◆ Directions for this task ◆
The records below are to be repeated exactly, minus any pictures.
-- Task input follows --
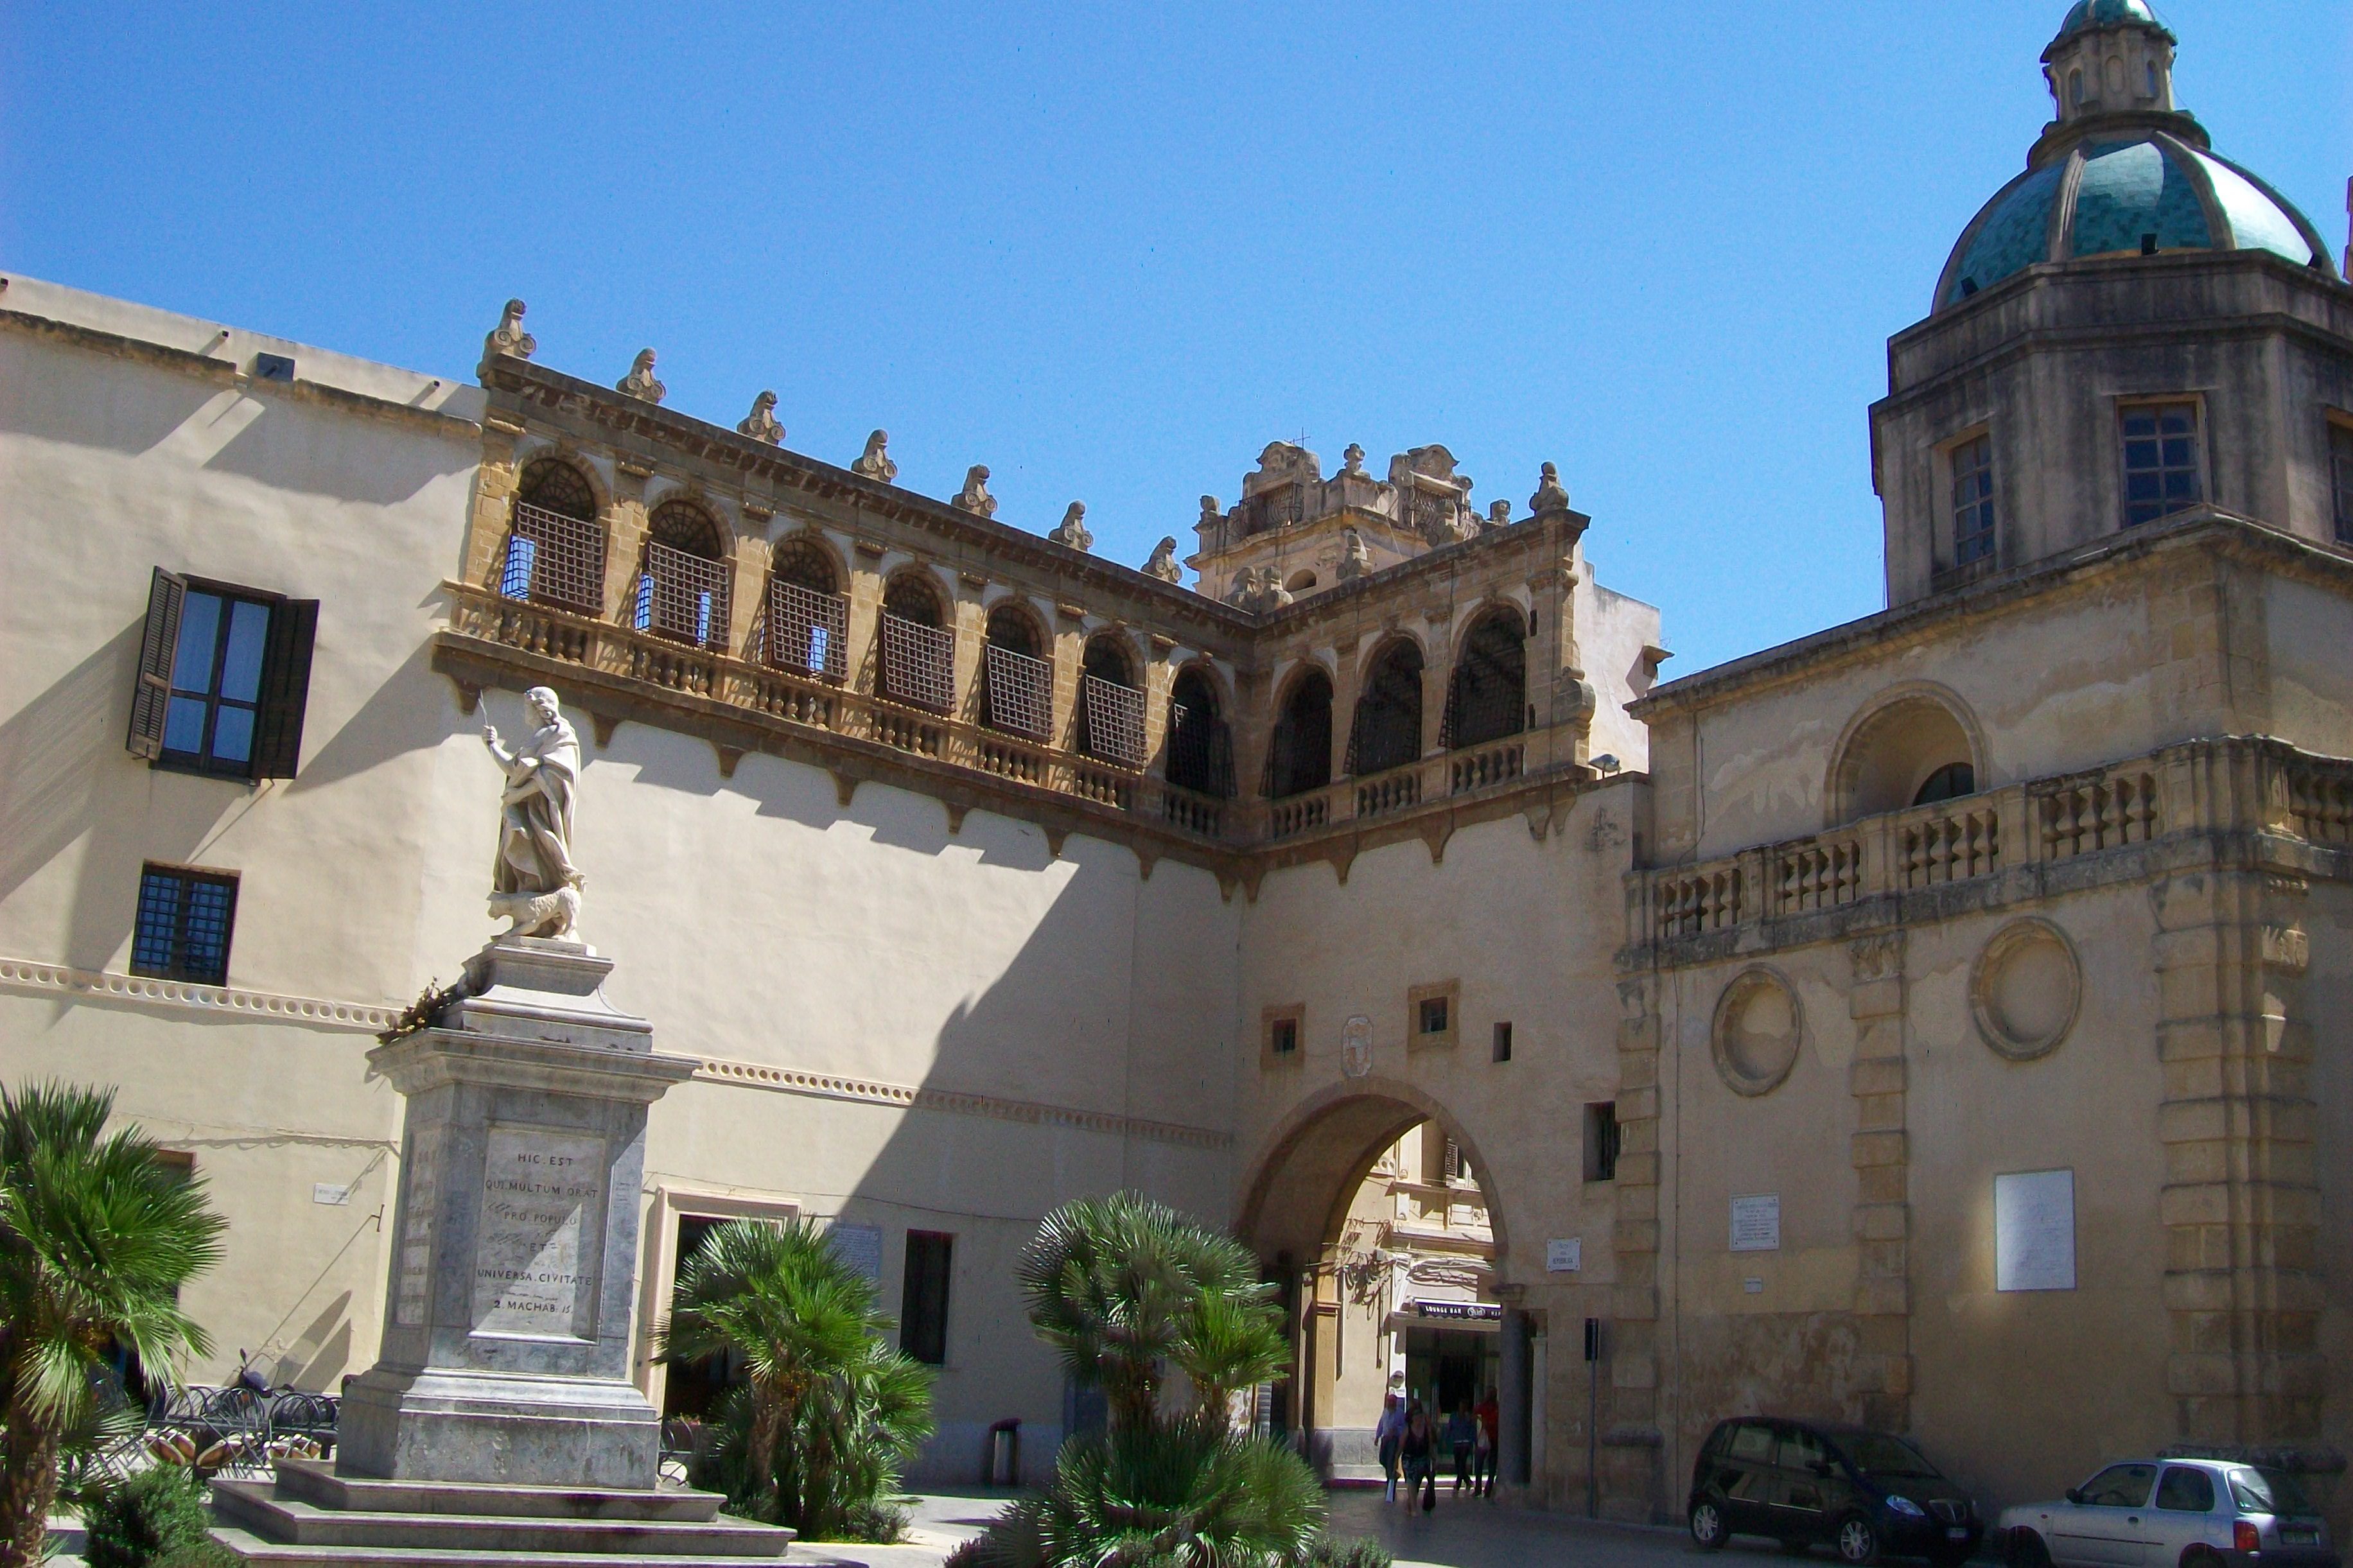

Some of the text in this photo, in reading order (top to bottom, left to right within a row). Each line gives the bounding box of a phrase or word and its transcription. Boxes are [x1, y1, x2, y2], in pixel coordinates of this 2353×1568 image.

[550, 1156, 573, 1166] EST
[509, 1182, 561, 1194] MULTUM
[567, 1187, 598, 1198] ORAT
[539, 1273, 592, 1285] CIVITATE
[1425, 1305, 1448, 1314] LOUNGE
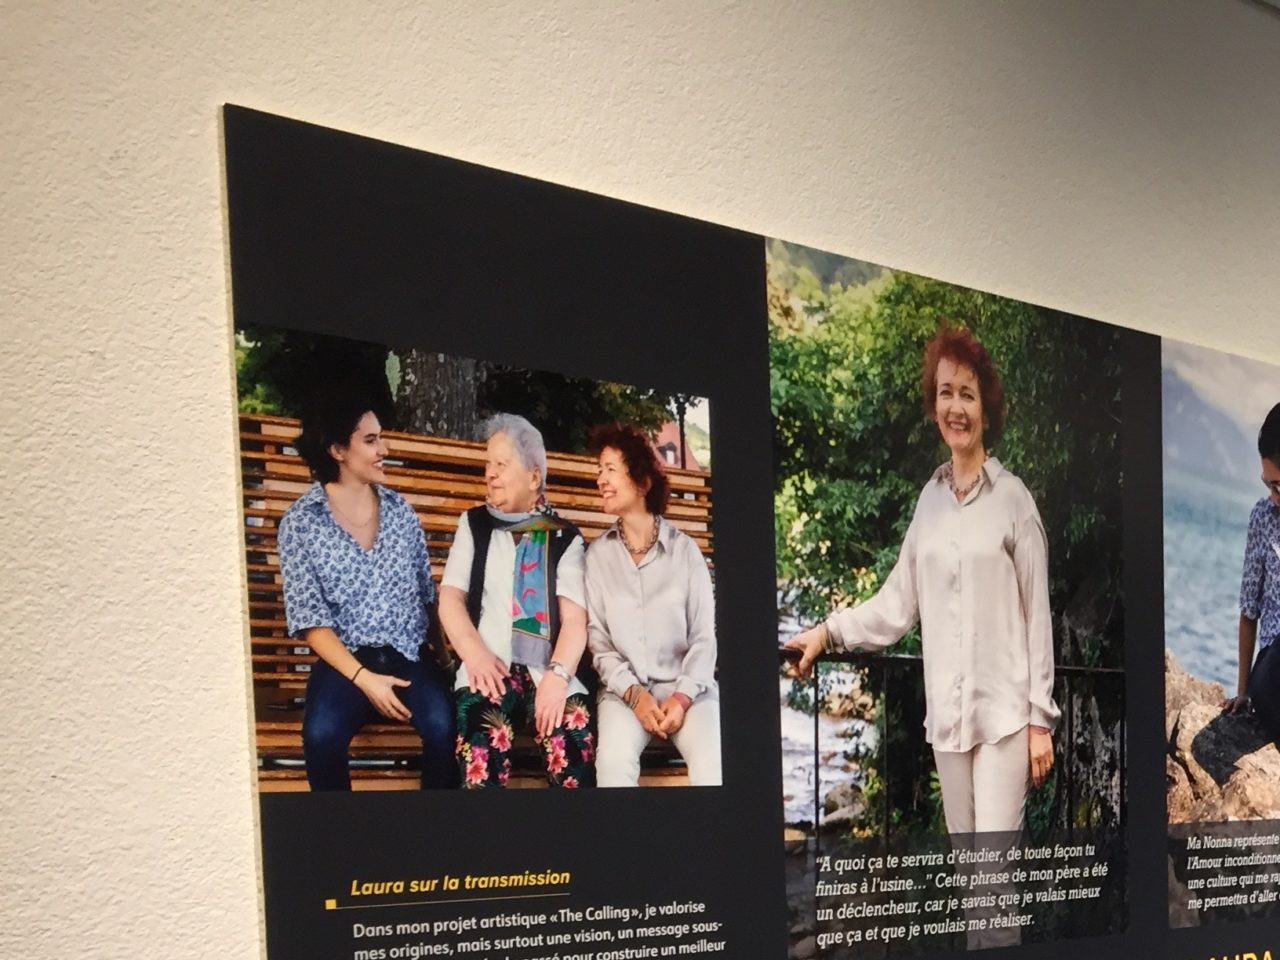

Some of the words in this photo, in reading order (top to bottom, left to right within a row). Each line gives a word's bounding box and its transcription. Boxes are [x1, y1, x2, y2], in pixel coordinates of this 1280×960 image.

[1185, 835, 1202, 850] Ma
[1202, 835, 1233, 849] Nonna
[1232, 832, 1280, 850] représente
[833, 853, 866, 876] quoi
[867, 856, 883, 874] ça
[886, 853, 899, 868] te
[900, 850, 944, 867] servira
[946, 847, 1003, 864] d'étudier,
[1006, 845, 1022, 861] de
[1023, 845, 1052, 860] toute
[1053, 843, 1083, 861] façon
[1084, 842, 1096, 856] tu
[1186, 855, 1224, 870] l'Amour
[350, 879, 405, 896] Laura
[409, 879, 439, 893] sur
[442, 874, 460, 891] la
[464, 868, 570, 889] transmission
[814, 879, 858, 897] finiras
[859, 877, 868, 894] à
[934, 872, 968, 888] Cette
[968, 869, 1010, 890] phrase
[1011, 867, 1027, 883] de
[1028, 868, 1054, 881] mon
[1053, 864, 1081, 884] père
[1082, 866, 1090, 877] a
[1090, 861, 1109, 877] été
[353, 923, 393, 938] Dans
[395, 922, 430, 935] mon
[433, 916, 477, 936] projet
[479, 912, 547, 929] artistique
[643, 903, 657, 921] je
[658, 900, 706, 915] valorise
[816, 908, 834, 921] un
[836, 899, 921, 919] déclencheur,
[923, 899, 945, 912] car
[945, 894, 959, 914] je
[960, 891, 996, 909] savais
[997, 893, 1020, 909] que
[1020, 889, 1033, 907] je
[1035, 886, 1067, 902] valais
[1067, 884, 1101, 900] mieux
[816, 931, 844, 950] que
[845, 929, 862, 947] ça
[864, 925, 879, 941] et
[880, 925, 906, 943] que
[906, 921, 921, 941] je
[923, 916, 966, 935] voulais
[967, 918, 987, 931] me
[988, 911, 1035, 929] réaliser.
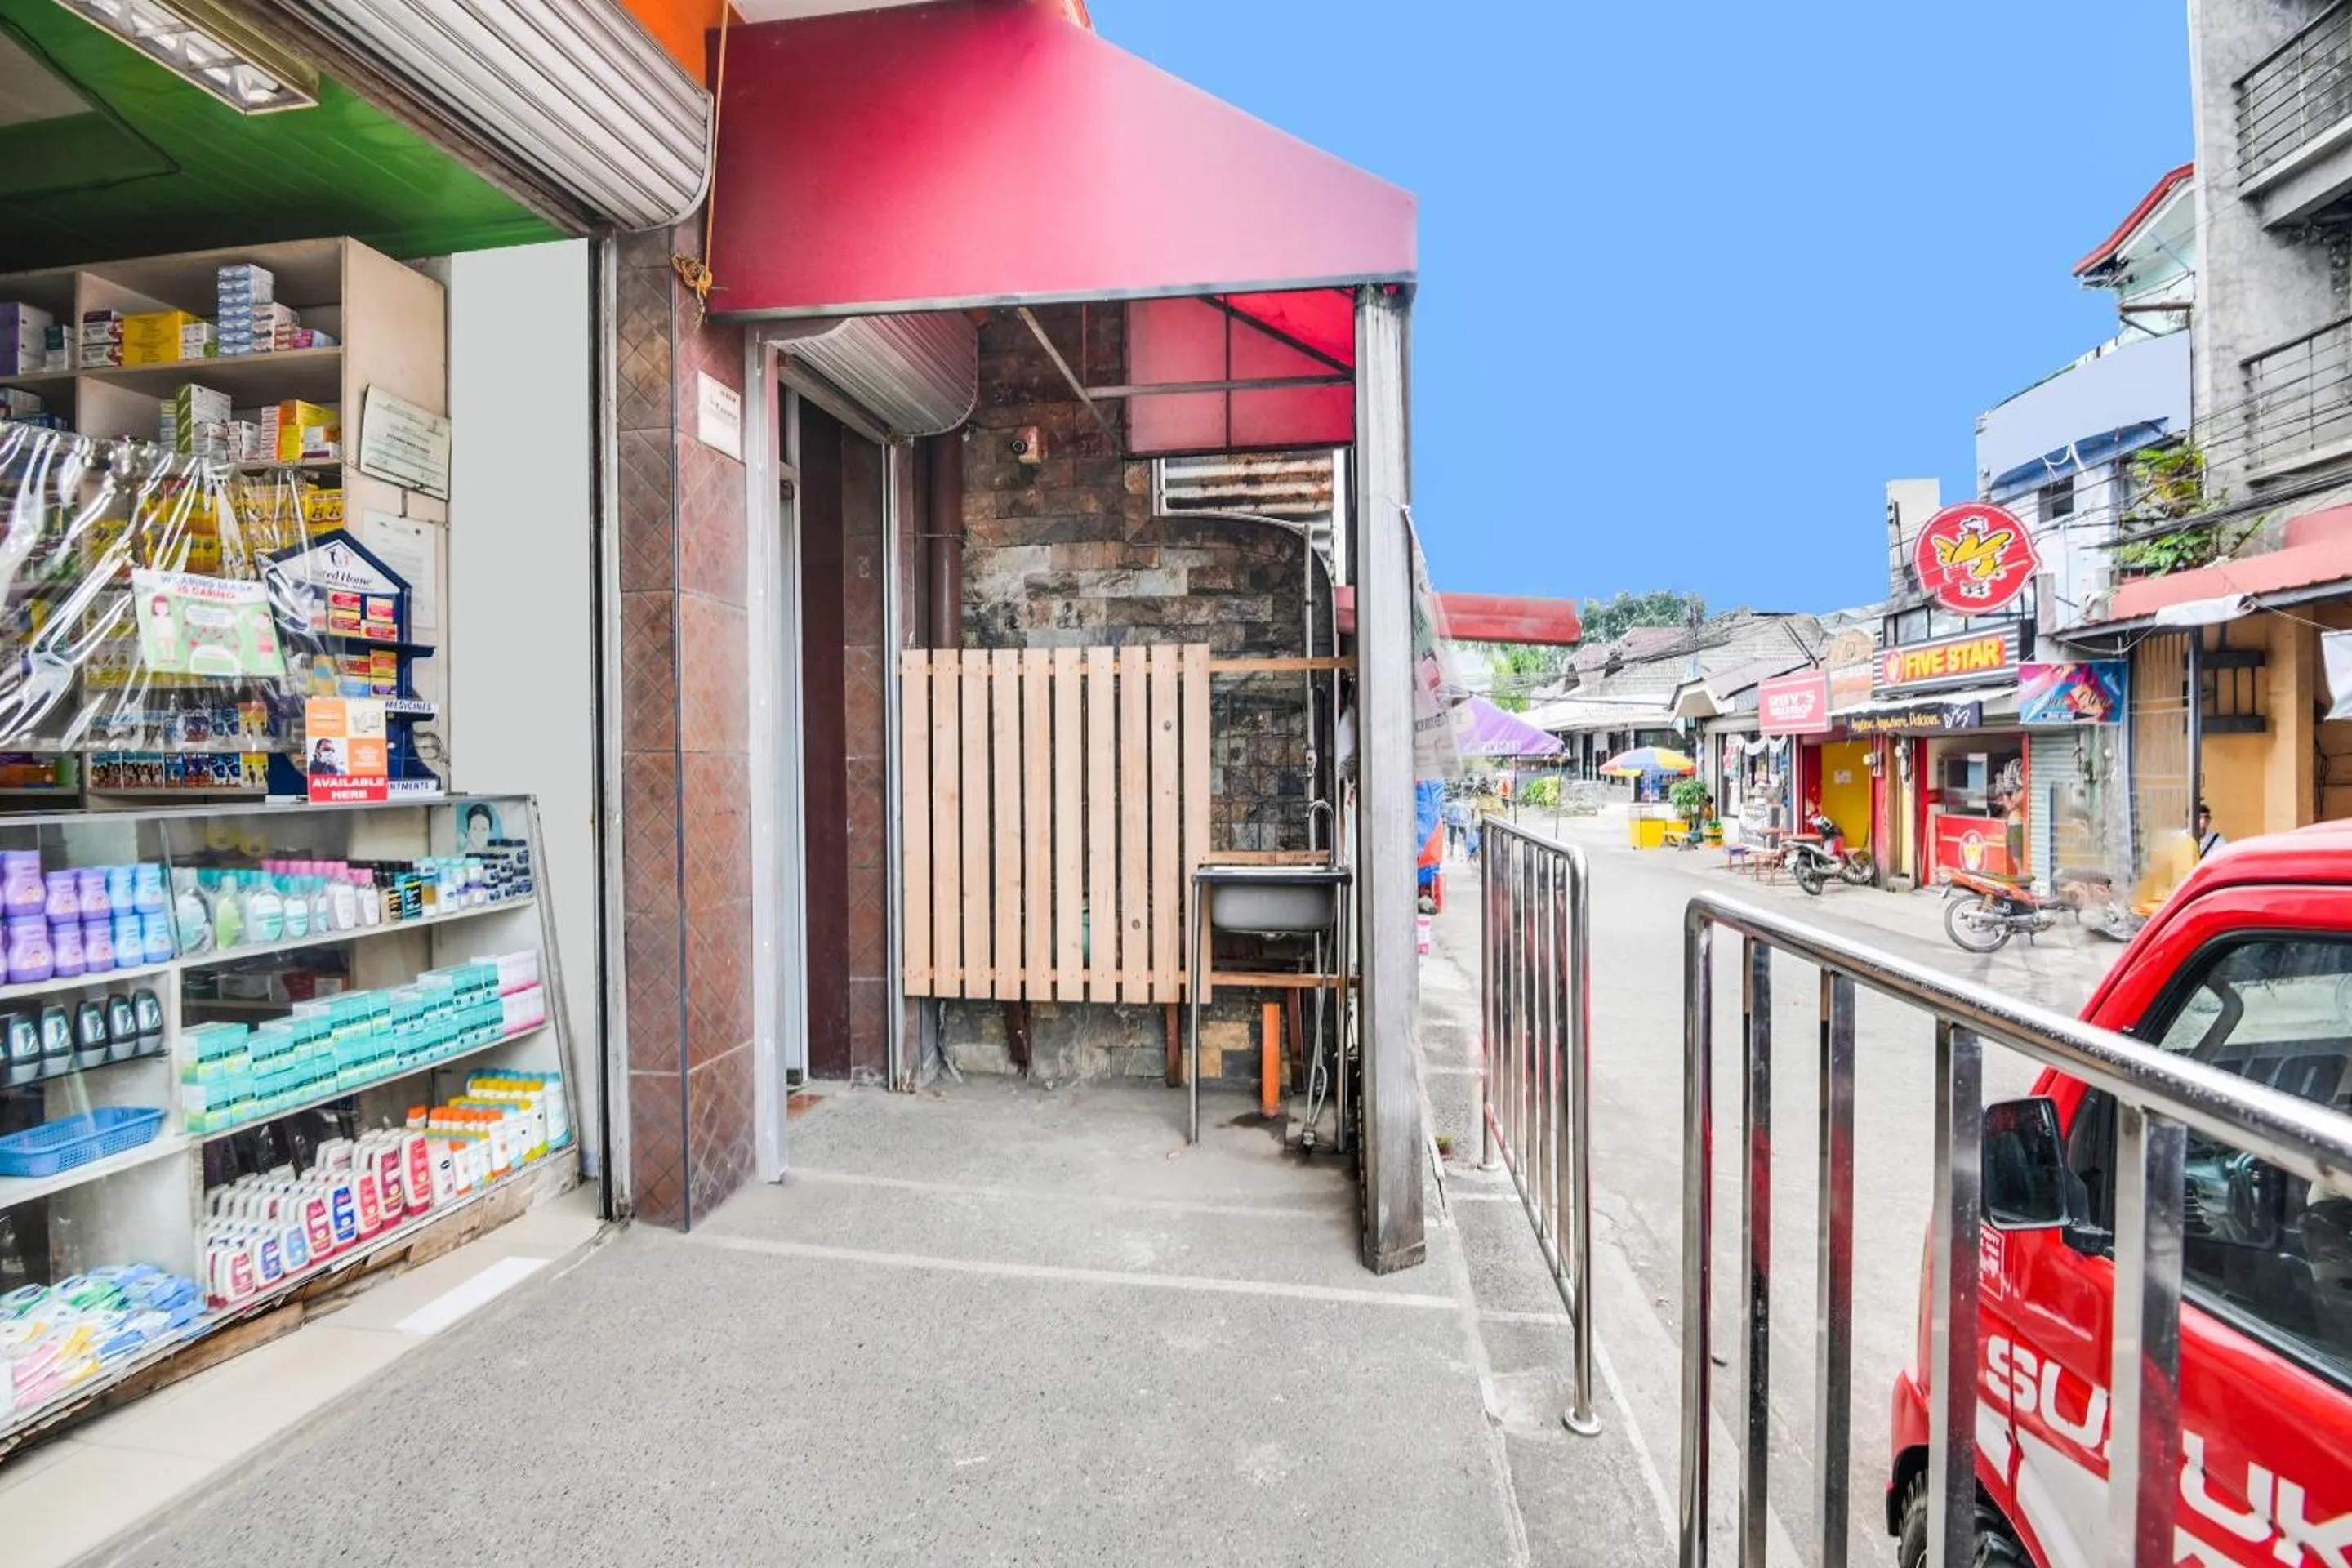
-- Task input concluded --
◆ Response to the exercise ◆
Some of the text in this photo, in reading order (top to bottom, left to right within a row). Each line gives the bounding box of a phrase or word and its transcription. Boxes are [x1, y1, x2, y2], in pixel coordinates of this 2353×1568 image.

[550, 1156, 573, 1166] EST
[509, 1182, 561, 1194] MULTUM
[567, 1187, 598, 1198] ORAT
[539, 1273, 592, 1285] CIVITATE
[1425, 1305, 1448, 1314] LOUNGE

Some of the words in this photo, in reading order (top to bottom, left to right within a row). Each line gives a word's bounding box and its transcription. Boxes are [x1, y1, x2, y2], in pixel coordinates of this 1280×960 image.

[1185, 835, 1202, 850] Ma
[1202, 835, 1233, 849] Nonna
[1232, 832, 1280, 850] représente
[833, 853, 866, 876] quoi
[867, 856, 883, 874] ça
[886, 853, 899, 868] te
[900, 850, 944, 867] servira
[946, 847, 1003, 864] d'étudier,
[1006, 845, 1022, 861] de
[1023, 845, 1052, 860] toute
[1053, 843, 1083, 861] façon
[1084, 842, 1096, 856] tu
[1186, 855, 1224, 870] l'Amour
[350, 879, 405, 896] Laura
[409, 879, 439, 893] sur
[442, 874, 460, 891] la
[464, 868, 570, 889] transmission
[814, 879, 858, 897] finiras
[859, 877, 868, 894] à
[934, 872, 968, 888] Cette
[968, 869, 1010, 890] phrase
[1011, 867, 1027, 883] de
[1028, 868, 1054, 881] mon
[1053, 864, 1081, 884] père
[1082, 866, 1090, 877] a
[1090, 861, 1109, 877] été
[353, 923, 393, 938] Dans
[395, 922, 430, 935] mon
[433, 916, 477, 936] projet
[479, 912, 547, 929] artistique
[643, 903, 657, 921] je
[658, 900, 706, 915] valorise
[816, 908, 834, 921] un
[836, 899, 921, 919] déclencheur,
[923, 899, 945, 912] car
[945, 894, 959, 914] je
[960, 891, 996, 909] savais
[997, 893, 1020, 909] que
[1020, 889, 1033, 907] je
[1035, 886, 1067, 902] valais
[1067, 884, 1101, 900] mieux
[816, 931, 844, 950] que
[845, 929, 862, 947] ça
[864, 925, 879, 941] et
[880, 925, 906, 943] que
[906, 921, 921, 941] je
[923, 916, 966, 935] voulais
[967, 918, 987, 931] me
[988, 911, 1035, 929] réaliser.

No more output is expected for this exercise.